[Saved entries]

--*--

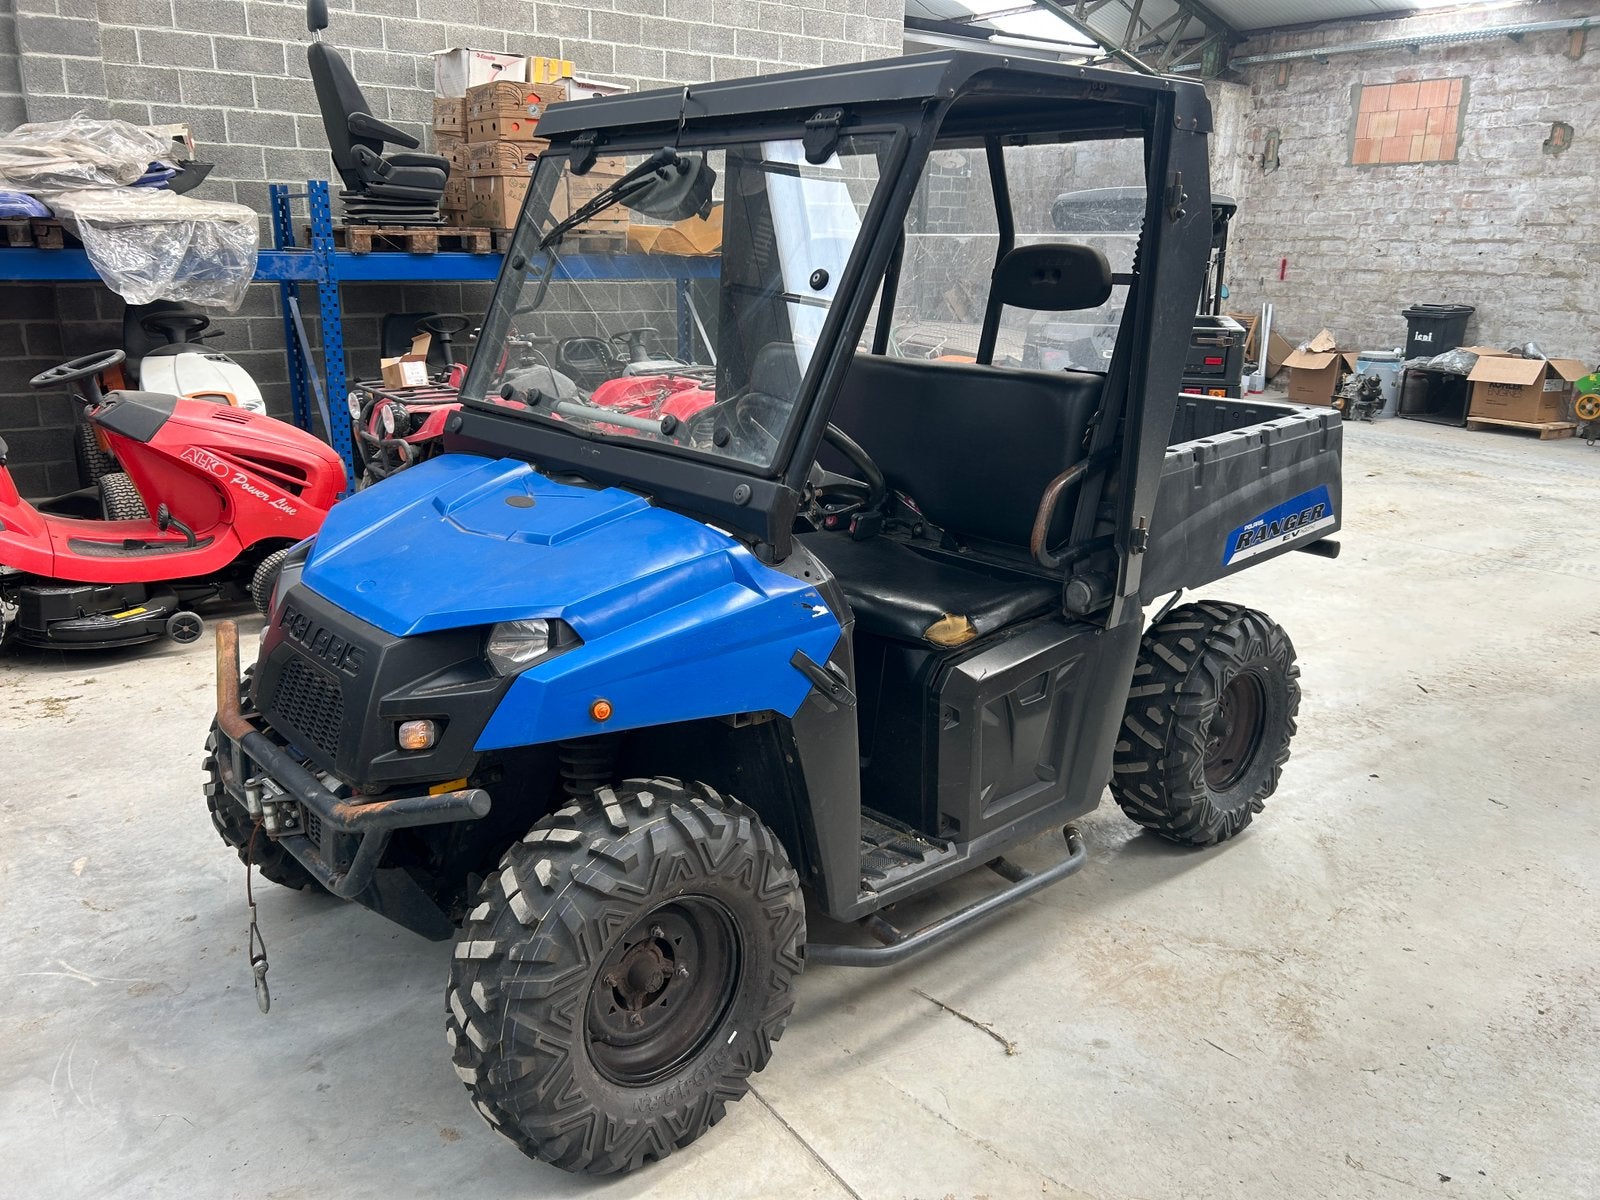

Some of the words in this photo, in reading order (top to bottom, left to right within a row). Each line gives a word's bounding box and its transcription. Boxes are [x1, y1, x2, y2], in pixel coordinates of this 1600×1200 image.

[230, 472, 269, 501] Power
[268, 498, 297, 516] Line
[1234, 502, 1326, 552] RANGER
[1282, 529, 1300, 542] EV
[279, 604, 368, 678] POLARIS

--*--

• Problem to work on
Repeat each line of the records exactly. Do not include the pictures.

• Solution
Some of the words in this photo, in reading order (top to bottom, left to right within a row). Each line gives a word's bounding box and its transcription. Boxes are [x1, y1, x2, y2], in pixel coordinates of this 1600×1200 image.

[230, 472, 269, 501] Power
[268, 498, 297, 516] Line
[1234, 502, 1326, 552] RANGER
[1282, 529, 1300, 542] EV
[279, 604, 368, 678] POLARIS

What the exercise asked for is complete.